- [Aim of the exercise]: Please reproduce the data exactly, though every picture must stay out.

>>

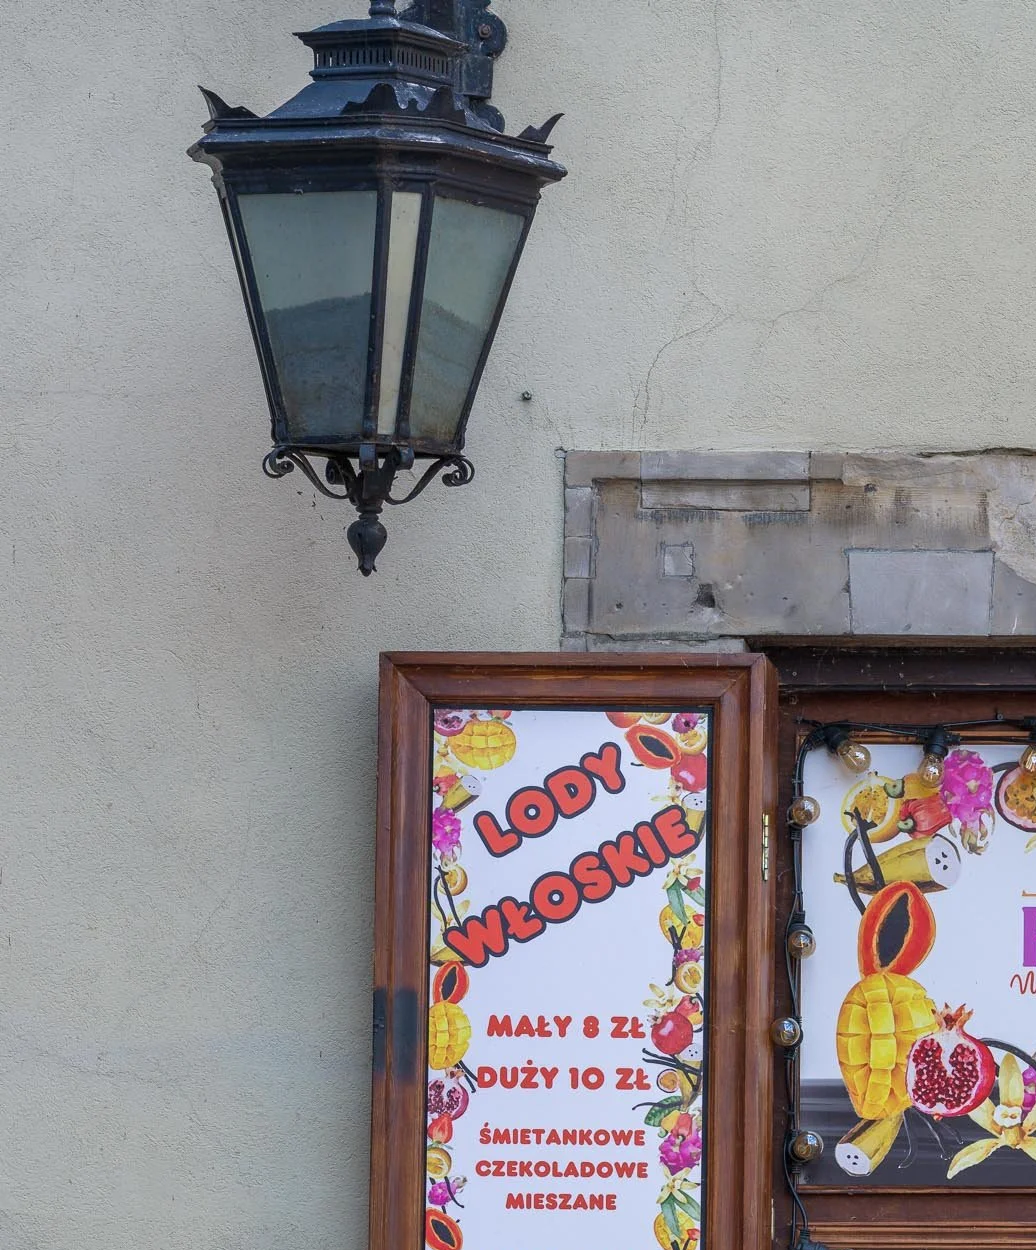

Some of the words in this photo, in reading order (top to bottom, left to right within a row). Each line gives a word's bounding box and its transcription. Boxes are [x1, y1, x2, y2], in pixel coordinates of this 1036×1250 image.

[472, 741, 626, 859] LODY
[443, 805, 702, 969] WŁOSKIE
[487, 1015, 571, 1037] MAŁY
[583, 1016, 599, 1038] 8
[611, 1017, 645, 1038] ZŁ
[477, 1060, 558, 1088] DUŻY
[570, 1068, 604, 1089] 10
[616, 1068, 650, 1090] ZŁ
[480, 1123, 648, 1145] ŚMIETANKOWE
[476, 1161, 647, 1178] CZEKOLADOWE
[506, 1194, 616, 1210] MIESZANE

<<

- [Answer to this exercise]:
Some of the words in this photo, in reading order (top to bottom, left to right within a row). Each line gives a word's bounding box and its transcription. Boxes are [x1, y1, x2, y2], in pixel coordinates of this 1036×1250 image.

[472, 741, 626, 859] LODY
[443, 805, 702, 969] WŁOSKIE
[487, 1015, 571, 1037] MAŁY
[583, 1016, 599, 1038] 8
[611, 1017, 645, 1038] ZŁ
[477, 1060, 558, 1088] DUŻY
[570, 1068, 604, 1089] 10
[616, 1068, 650, 1090] ZŁ
[480, 1123, 648, 1145] ŚMIETANKOWE
[476, 1161, 647, 1178] CZEKOLADOWE
[506, 1194, 616, 1210] MIESZANE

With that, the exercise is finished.